NAME

Crypt::Perl::X509::Name - Representation of Distinguished Name

SYNOPSIS

#This encodes each key/value into separate
#RelativeDistinguishedName structures, as OpenSSL does by default.
#Unless you know otherwise, this is probably what you want.
#(See ENCODING below for more details.)
my $name = Crypt::Perl::X509::Name->new(
    streetAddress => '...',     #keys are short OID names
    localityName => '...',
    #...
);

my $der = $name->encode();

DISCUSSION

This is useful to represent the Subject and Issuer parts of an X.509 (i.e., SSL/TLS) certificate as well as the name portion of a PCKS #10 Certificate Signing Request (CSR).

ENCODING

RFC 5280 §4.1.2.4 defines the Name type as an ordered SEQUENCE of unordered SETs —RelativeDistinguishedName objects, or “RDN”s—of key/value pairs. OpenSSL defaults to having each RDN contain only one key/value pair. (You can also have it create “multi-value RDNs”.) I’m unclear as to why this is, but I suspect it has to do with ease of matching up Name values; since the RDNs are unordered, to compare one multi-value RDN against another takes more work than to compare two ordered lists of single-value RDNs, which can be done with a simple text equality check. (cf. RFC 5280 §7.1)

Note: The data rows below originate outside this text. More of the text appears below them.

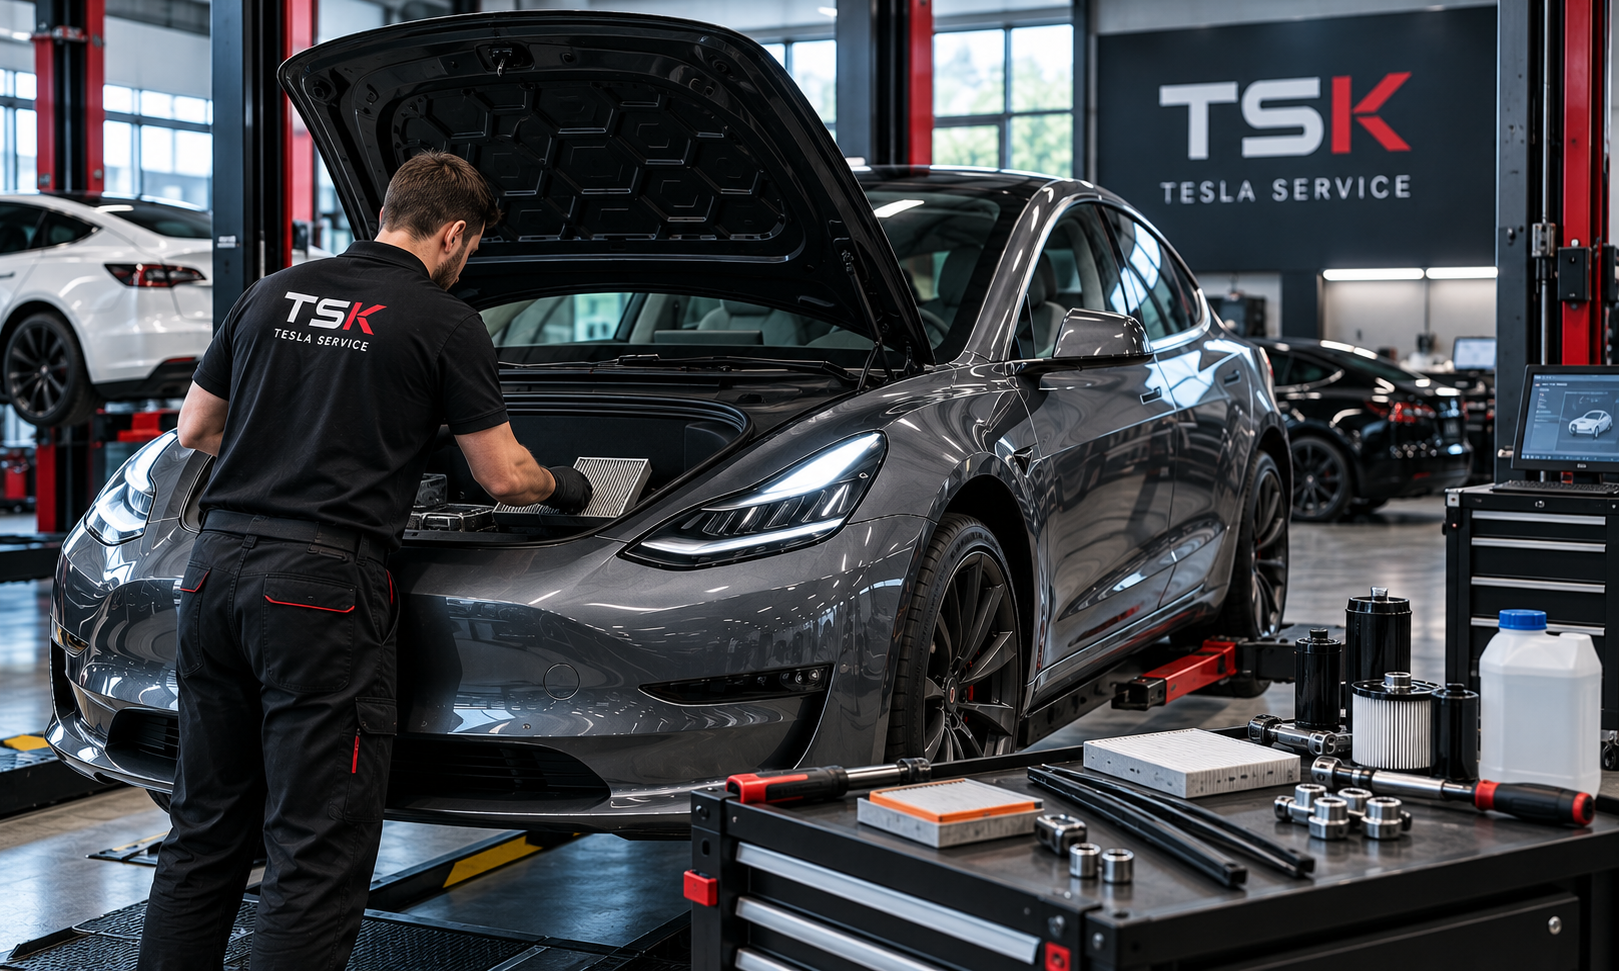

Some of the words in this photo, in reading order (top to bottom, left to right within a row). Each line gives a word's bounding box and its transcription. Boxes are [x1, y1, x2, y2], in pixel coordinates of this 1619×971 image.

[1159, 72, 1412, 160] TSK
[1160, 180, 1256, 204] TESLA
[1272, 174, 1411, 202] SERVICE
[284, 291, 388, 336] TSK
[274, 328, 311, 344] TESLA
[316, 335, 370, 352] SERVICE

If you need a multi-value RDN, it can be gotten by grouping key/value pairs in an array reference, thus:

my $name = Crypt::Perl::X509::Name->new(

    #a multi-value RDN
    [ streetAddress => '...', localityName => '...' ],

    #regular key/value pair becomes its own single-value RDN
    stateOrProvinceName => '...',
);

ABOUT commonName

Note that commonName is deprecated (cf. RFC 6125 §2.3, CA Browser Forum Baseline Requirements §7.1.4.2.2) for use in X.509 certificates, but many CAs still require it as of December 2016.